John Debney chronology
| Luck (2022) | Hocus Pocus 2 (2022) | 80 for Brady (2023) |

= Hocus Pocus 2 (soundtrack) =

Hocus Pocus 2 (Original Soundtrack) is the soundtrack album for the 2022 fantasy comedy film Hocus Pocus 2; a sequel to the 1993 film Hocus Pocus. John Debney, who scored for the first film, returned for the sequel in October 2021. The album consisted of 28 tracks: two original songs, seven adapted songs and Debney's score containing the remainder of it. It was digitally released by Walt Disney Records on September 30, 2022 (the same day on the film's Disney+ release), and was followed by a physical release on November 11.

== Production ==
John Debney recalled on scoring Hocus Pocus 2, as a wonderful and emotional experience, and further said "It was quite a wonderful experience It was rather emotional. How often does a composer get to rework material that they wrote so many years ago, to try to make it fresh, and pay respect to its lineage". He archived the original sketches of the score he recorded for Hocus Pocus, and re-recorded them along with the fresh themes he composed for the sequel. He felt it as an interesting education, to replay original cues and worked well with the film, and further Debney said "I've also grown as a composer in different ways. The new material, the new themes for this film, they're for a more contemporary audience that likes darker sounds. It's the encapsulation of new material, the old material, and then the blending of the two, and it worked out really well."

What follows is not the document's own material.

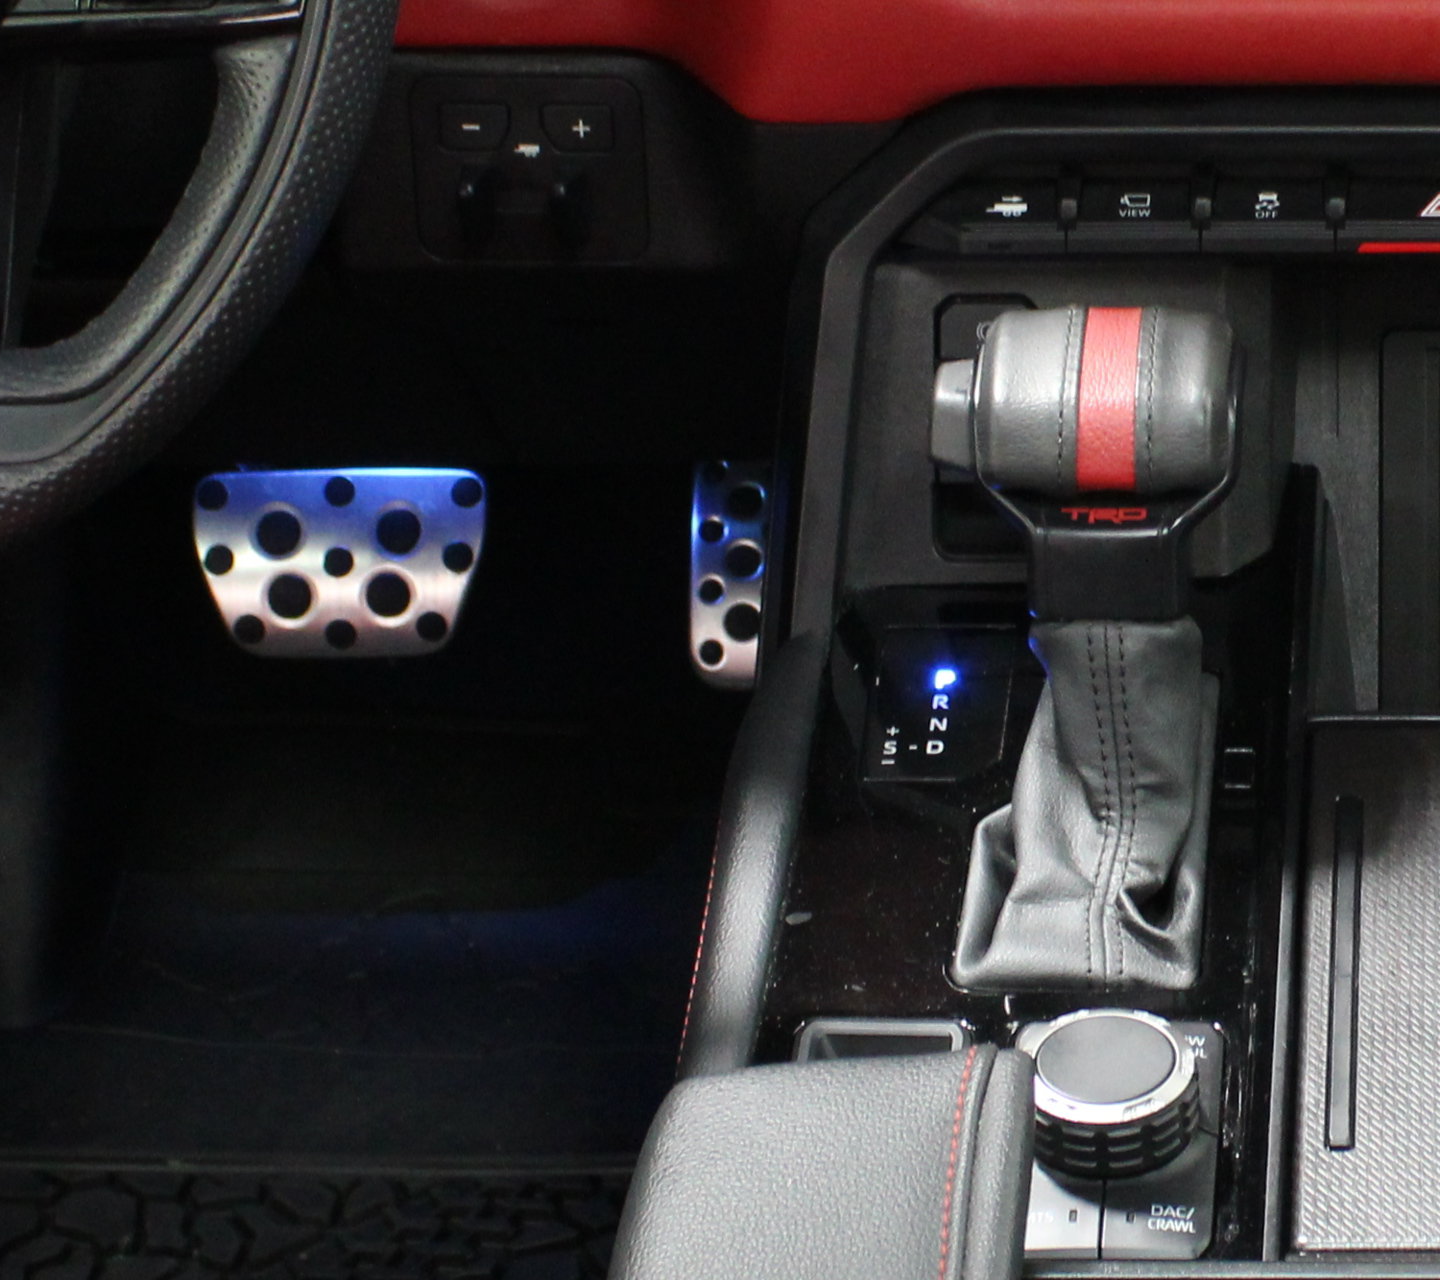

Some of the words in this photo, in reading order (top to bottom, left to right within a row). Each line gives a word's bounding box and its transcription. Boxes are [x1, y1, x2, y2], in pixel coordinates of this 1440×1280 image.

Debney opined that creating darker sounds for the film was akin to the composition for The Sorcerer's Apprentice (2010), that had a magical witchcraft score" from the classical world. While the score for the first film had female choir, he opted for using a solo female vocals, to give a "more personal, almost childlike sound that evokes a much darker palette". On the instrumentation of the film's score, Debney said:

"There are a lot of contemporary techniques – we're using the strings and manipulating them and having them do glissandi, and do trimming things; a lot of tonal things with choir getting tonal textures here and there. I'll let the readers a little bit under the hood: our demos are sounding so good these days that many times my demo sounds bigger than the orchestra. That can be good - and it can be bad. In this case, the orchestra was big-sounding, but I really needed some of the darker colours and basslines of the synthetics to really make it fill up the screen, as it were."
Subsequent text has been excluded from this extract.